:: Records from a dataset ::
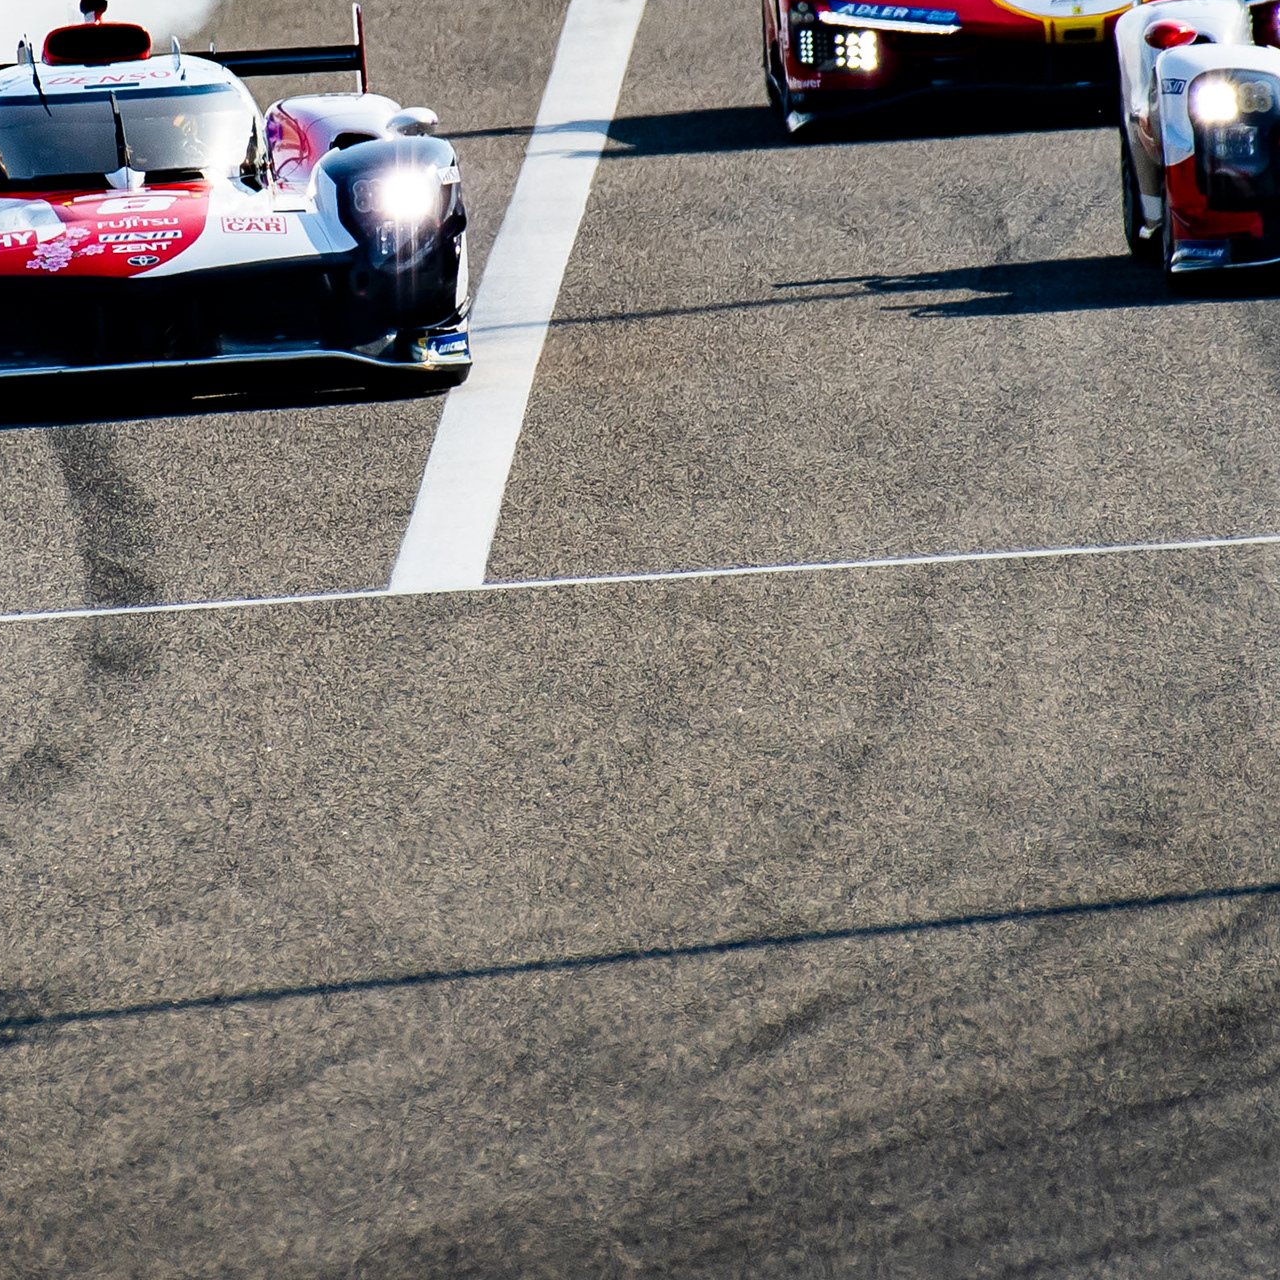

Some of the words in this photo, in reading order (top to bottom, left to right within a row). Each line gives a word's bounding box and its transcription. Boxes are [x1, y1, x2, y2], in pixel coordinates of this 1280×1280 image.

[837, 3, 910, 19] ADLER
[46, 71, 172, 86] DENSO
[96, 216, 179, 230] FUJITSU
[227, 222, 282, 232] CAR
[111, 240, 173, 254] ZENT
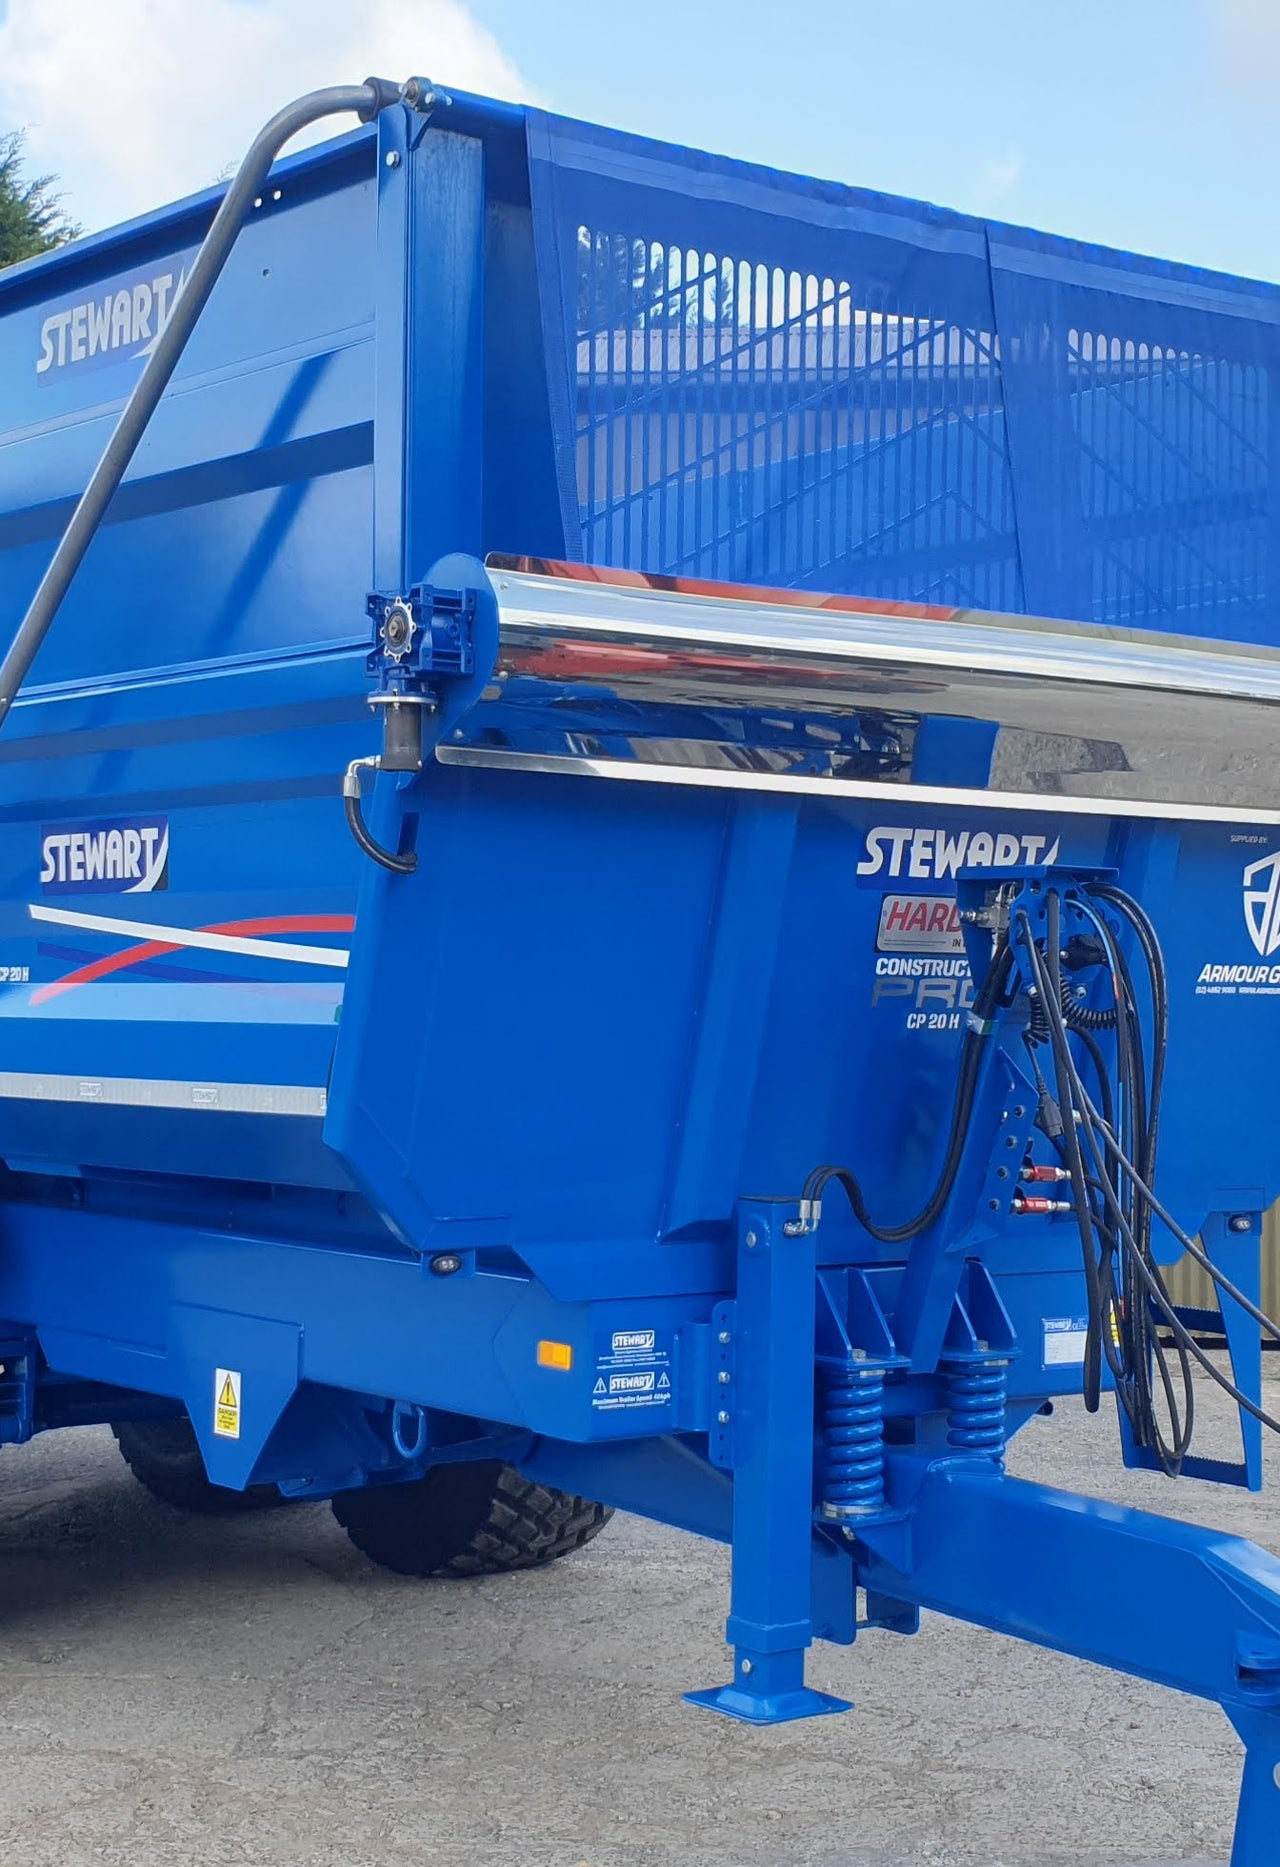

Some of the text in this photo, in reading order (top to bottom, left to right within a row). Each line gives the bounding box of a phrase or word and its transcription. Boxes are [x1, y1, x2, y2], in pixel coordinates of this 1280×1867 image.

:: What to produce ::
A word-for-word copy of the records is needed, one that contains no pictures.

:: Response for this exercise ::
Some of the words in this photo, in reading order (top to bottom, left to right within a row). Each line gives a word's bounding box and its transcription. Boxes are [x1, y1, x2, y2], in pixel coordinates of this 1280×1280 image.

[837, 3, 910, 19] ADLER
[46, 71, 172, 86] DENSO
[96, 216, 179, 230] FUJITSU
[227, 222, 282, 232] CAR
[111, 240, 173, 254] ZENT

Some of the text in this photo, in reading order (top to bottom, left to right within a row). Each line gives the bounding box of a phrase or word and its transcription. Boxes are [x1, y1, x2, y2], in pixel coordinates of this 1280×1867 image.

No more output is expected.